Así pues respirar, en ese contexto, deja de ser una función biológica más y se convierte en un recordatorio constante. Si quisiera explicarlo en un tono más místico, intentaría hacerlo diciendo que cada inhalación es una acogida del aliento de esa esencia divina, y cada exhalación es una entrega. Cada respiración es una pequeña confirmación de que sigues siendo, de que la vida sigue fluyendo, de que no estás desconectado de la Fuente, aunque tu mente diga lo contrario, porque la Fuente también es parte de ti, o tú eres parte de ella. En el fondo solo son matices.

Y aquí es donde la meditación deja de ser una técnica para convertirse en algo mucho más esencial.
No se trata de “hacer bien” la meditación. No se trata de adoptar posturas perfectas ni de repetir fórmulas. Se trata de parar, de callar, de volver al aliento básico y esencial. Porque cuando vuelves a la respiración con conciencia, a respirar siendo consciente de que respiras, algo cambia. Y de a poco notas que la mente se desacelera, el ruido baja, la ansiedad pierde fuerza.

Pero más allá de eso, aparece también algo más sutil, más difícil de explicar, pero muy claro cuando se experimenta.
Me refiero a una sensación de presencia.
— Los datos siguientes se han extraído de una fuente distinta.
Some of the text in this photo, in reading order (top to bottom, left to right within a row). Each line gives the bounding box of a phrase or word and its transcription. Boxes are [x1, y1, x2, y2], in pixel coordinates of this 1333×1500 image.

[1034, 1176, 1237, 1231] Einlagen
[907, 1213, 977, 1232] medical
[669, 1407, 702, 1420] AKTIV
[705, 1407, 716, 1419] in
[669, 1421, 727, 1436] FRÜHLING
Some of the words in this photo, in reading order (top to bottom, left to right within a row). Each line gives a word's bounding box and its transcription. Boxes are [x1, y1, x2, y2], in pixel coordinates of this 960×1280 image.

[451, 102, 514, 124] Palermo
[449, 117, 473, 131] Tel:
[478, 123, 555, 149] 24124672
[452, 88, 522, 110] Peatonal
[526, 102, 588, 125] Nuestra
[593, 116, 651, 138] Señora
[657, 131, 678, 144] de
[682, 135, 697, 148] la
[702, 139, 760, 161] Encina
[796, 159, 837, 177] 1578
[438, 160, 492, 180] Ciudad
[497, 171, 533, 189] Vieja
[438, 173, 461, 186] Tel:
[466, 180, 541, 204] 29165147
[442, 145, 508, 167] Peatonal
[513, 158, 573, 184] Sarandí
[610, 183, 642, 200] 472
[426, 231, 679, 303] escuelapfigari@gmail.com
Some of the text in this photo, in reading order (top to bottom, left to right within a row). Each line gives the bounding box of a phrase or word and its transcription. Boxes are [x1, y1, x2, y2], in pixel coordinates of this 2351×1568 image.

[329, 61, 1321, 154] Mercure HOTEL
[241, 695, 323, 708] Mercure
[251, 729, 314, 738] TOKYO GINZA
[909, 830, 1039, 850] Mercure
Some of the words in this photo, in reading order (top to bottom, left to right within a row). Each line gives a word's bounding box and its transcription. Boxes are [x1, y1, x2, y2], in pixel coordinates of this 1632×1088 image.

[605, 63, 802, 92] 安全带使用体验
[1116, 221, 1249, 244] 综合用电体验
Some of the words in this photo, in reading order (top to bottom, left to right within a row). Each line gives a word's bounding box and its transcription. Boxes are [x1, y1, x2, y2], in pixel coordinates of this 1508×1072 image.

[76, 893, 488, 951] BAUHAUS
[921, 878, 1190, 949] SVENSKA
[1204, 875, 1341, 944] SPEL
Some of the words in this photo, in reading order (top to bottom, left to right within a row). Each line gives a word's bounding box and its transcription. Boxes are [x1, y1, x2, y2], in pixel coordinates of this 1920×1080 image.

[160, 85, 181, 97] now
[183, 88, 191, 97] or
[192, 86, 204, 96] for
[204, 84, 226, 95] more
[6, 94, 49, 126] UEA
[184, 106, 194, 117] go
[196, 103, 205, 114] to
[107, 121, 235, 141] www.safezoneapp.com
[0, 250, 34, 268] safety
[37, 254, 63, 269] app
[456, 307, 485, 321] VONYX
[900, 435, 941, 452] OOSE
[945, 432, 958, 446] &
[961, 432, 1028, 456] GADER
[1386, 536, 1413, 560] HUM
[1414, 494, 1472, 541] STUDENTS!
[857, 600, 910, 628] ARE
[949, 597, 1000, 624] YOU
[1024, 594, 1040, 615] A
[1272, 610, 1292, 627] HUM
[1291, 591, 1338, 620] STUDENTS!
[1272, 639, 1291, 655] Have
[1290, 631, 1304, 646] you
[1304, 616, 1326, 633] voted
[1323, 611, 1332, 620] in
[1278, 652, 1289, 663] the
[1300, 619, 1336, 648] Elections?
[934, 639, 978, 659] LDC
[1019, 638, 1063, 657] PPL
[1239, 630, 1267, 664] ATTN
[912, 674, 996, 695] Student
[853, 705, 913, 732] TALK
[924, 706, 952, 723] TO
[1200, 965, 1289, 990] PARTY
No la presencia de alguien que llega… sino de algo que ya estaba ahí y que simplemente ahora puedes sentir.
Ahí es donde oración y meditación dejan de ser cosas distintas. Porque orar no es necesariamente hablar. Y meditar no es necesariamente dejar la mente en blanco. Ambas cosas, en su esencia más pura, son lo mismo: volver al centro, a tu propio centro.
Y ese centro muchas veces se encuentra en algo tan simple como observar la respiración.
No porque el aire en sí sea divino, sino porque te lleva a ese lugar donde todo se aquieta y donde, por un instante, dejas de estar fragmentado.

Ahí, en ese silencio interior, en tu templo interior sostenido por el aliento, uno puede intuir algo que no se puede demostrar ni explicar del todo: y es que la vida no es solo biología, que la conciencia no es solo pensamiento, y que el “yo soy” no es solo una frase, sino una experiencia. Una experiencia que ocurre aquí, ahora, en cada momento, mientras respiras.

Por eso hay días en los que no necesitas grandes oraciones.
Hay días en los que no tienes palabras. Días en los que estás cansado, roto, saturado, o con ganas de estar simplemente en silencio. Y está bien. Porque mientras haya respiración, hay conexión. Mientras haya aliento, hay vida. Y mientras haya vida, hay también una puerta abierta hacia esa presencia que algunos llaman Dios, otros conciencia, otros fuente… pero que, en el fondo, no necesita nombre para ser sentida.
Tal vez el mayor error que hemos cometido durante siglos no ha sido no creer, sino buscar demasiado lejos lo que siempre ha estado dentro de nosotros, lo que siempre hemos llevado dentro. Porque no hace falta subir a ningún cielo religioso, utópico o imaginario. Basta con detenerse. Respirar. Y darse cuenta de que ese “Yo soy” no es solo una declaración divina lejana, sino algo que, de una manera misteriosa, también se está expresando en ti, en cada instante en que estás vivo.